Fratelli Fabbri Editori
- Logo
- Parent company: Rizzoli Libri
- Founded: 1947
- Founder: Giovanni, Dino and Ettore 'Rino' Fabbri
- Country of origin: Italy
- Publication types: Books
- Official website: fabbrieditori.rizzolilibri.it

= Fratelli Fabbri Editori =

Italian publishing house

Fratelli Fabbri Editori is an Italian publishing house founded in 1947 by the brothers Giovanni, Dino and Ettore 'Rino' Fabbri. Today Fabbri forms part of Rizzoli Libri, which in turn is 100% controlled by Arnoldo Mondadori Editore

==Origins==
Coming from a family of small bourgeois merchants Forlivesi, the brothers Fabbri started with little more than a love for art and culture inherited from their father Ottavio Fabbri.

The eldest, Giovanni, after graduating from medical school, joined the partisans of the Val d'Ossola. After the war, preferring books to medicine, he became an editor, and involved his brothers.

The Fratelli Fabbri Editori found immediate success printing text books for schools and, later, became the leading publisher in this area. They took a leap in the quality of printing to publish regular, large classical works such as the Divine Comedy and the Bible. The approval of the public encouraged them, and at the end of the 1950s remain in the history of publishing with works such as Masterpieces in the Centuries and, particularly, The Masters of Color (I Maestri del Colore).

==1960s==
In the 1960s Fratelli Fabbri Editori published Conoscere, an illustrated encyclopedia for children that entered the homes of millions of Italians. The encyclopedia was sold in bound volumes, with payment by installments. During those years, the publishing house sold approximately a billion and a half books, published in dozens of countries with translations into 14 languages, including Hindi, Urdu, Afrikaans, Turkish and Bulgarian.

They were also the first Italian publisher to market multimedia products; producing the new series The Stories of Sound and The History of Music, which combines a book and record, addressing issues unknown at the time. For example, for The History of Music in order to fall within the standard packaging industry, they commissioned Philips Records to produce 10 million of a special LP with a diameter of 20 centimeters.

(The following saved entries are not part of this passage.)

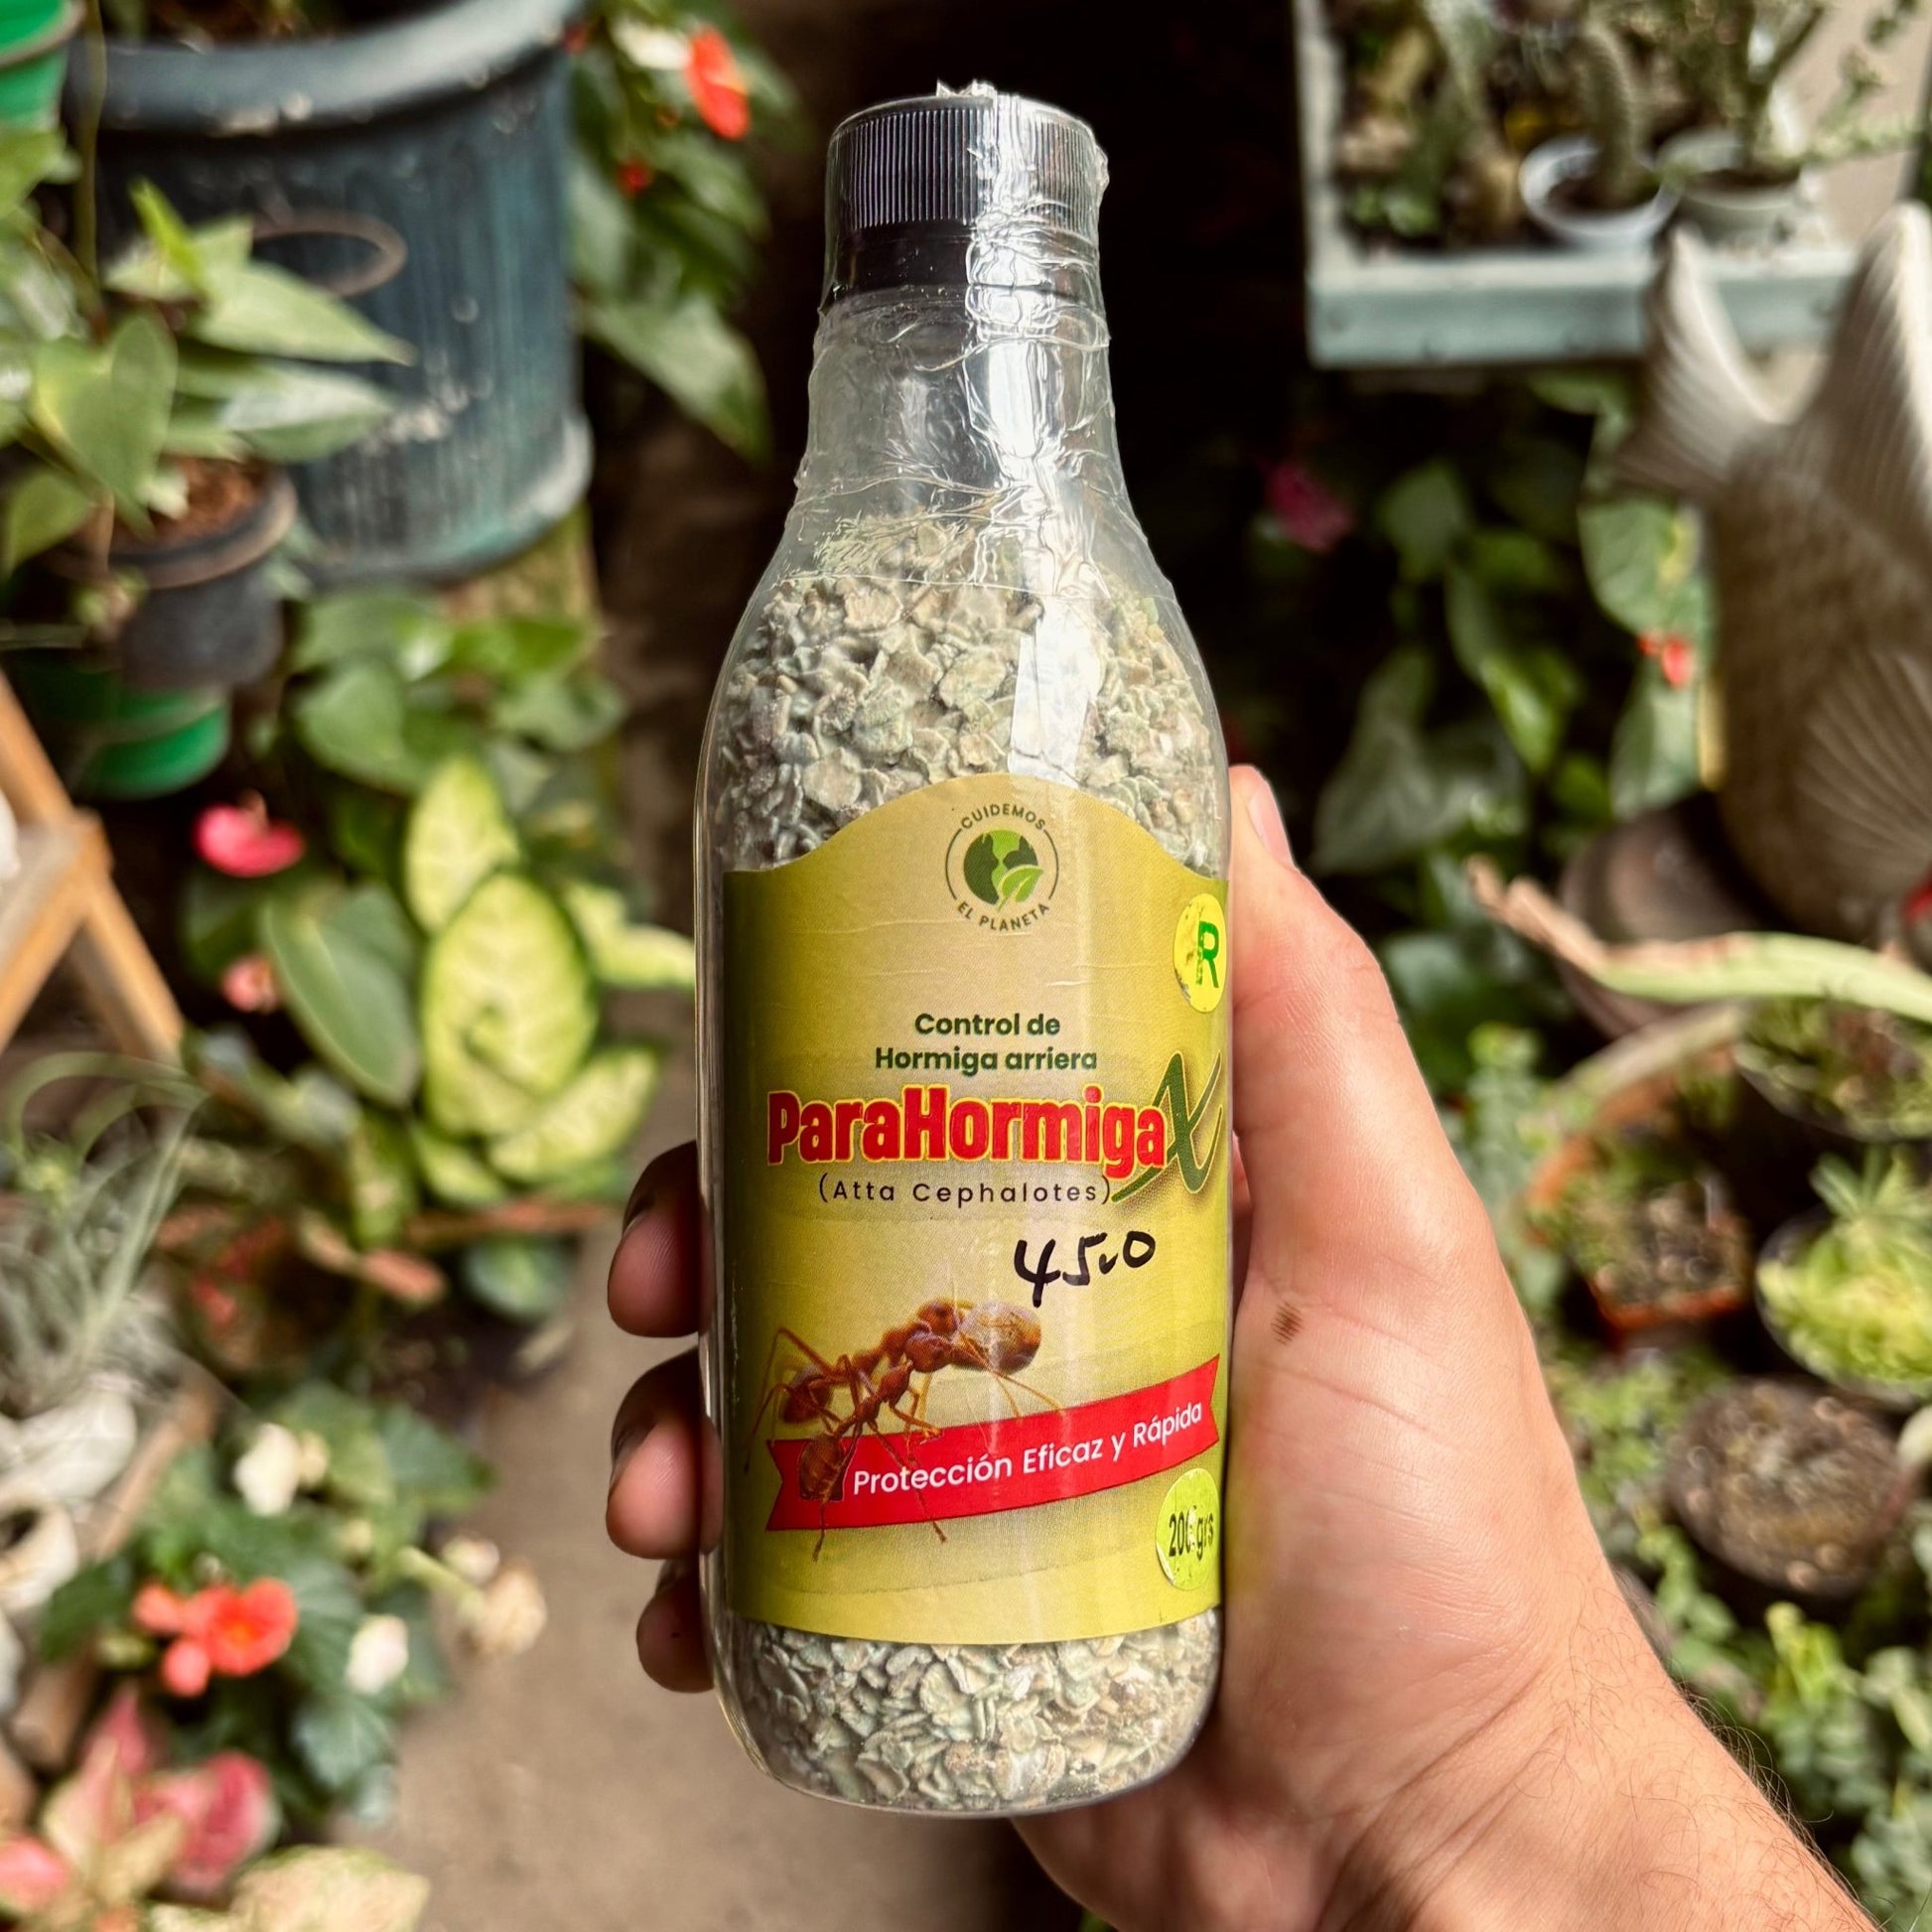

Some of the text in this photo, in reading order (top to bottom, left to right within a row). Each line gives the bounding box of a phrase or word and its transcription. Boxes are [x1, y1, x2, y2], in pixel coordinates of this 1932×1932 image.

[960, 803, 1046, 830] CUIDEMOS
[957, 901, 1049, 932] EL PLANETA
[1195, 920, 1220, 989] R
[914, 1013, 1061, 1035] Control de
[875, 1045, 1097, 1077] Hormiga arriera
[819, 1173, 1111, 1209] (Atta Cephalotes)
[853, 1402, 1202, 1496] Protección Eficaz y Rápida

Towards the end of the 1960s, due to the saturation of the market and social unrest, the brothers Dino and Rino sold their shares to engage in other activities abroad, thwarted by the refusal of the elder brother.

==1970s==
In 1971 the Istituto Finanziario Industriale (IFI; predecessor of Exor) purchased 53% of the shares of Fabbri Editori on behalf of the Agnelli family from Bertelsmann. Dino and Rino relocated abroad, but Giovanni remained on as chairman; the operational role was entrusted to Piero Stucchi Prinetti, acting as managing director.

Towards the end of the 1970s Giovanni Fabbri became a target of the Red Brigades and decided to move to Lugano, Switzerland, where he resides today. Rino Fabbri chose Paraguay. Dino Fabbri died following a long illness of ALS (amyotrophic lateral sclerosis) on 10 December 2001 at his home in Aventura, Florida. Ettore Rino Fabbri died in Asunción, November 2012.

==1980s, 1990s and today==
In the 1990s and 1990s Fabbri published partworks series which were designed for sale across the world (for example, the series Regards sur la Peinture, Entender la pintura, Malerei kennen und verstehen and Discovering the Great Paintings in the French, Spanish, German and English languages).

Fabbri Editori was part of Gruppo Rizzoli Corriere della Sera (now RCS MediaGroup) and continues to publish textbooks and publications. RCS' book businesses, including Fabbri, were acquired Arnoldo Mondadori Editore in 2016.

With the spread of home-video (especially with the arrival of the DVD) Fabbri concluded agreements that allow it to distribute through the network of kiosks a series of monographs on actors (such as the series of films of 007) and collections of the movies of Alberto Sordi and Gilberto Govi, directors and genres of film.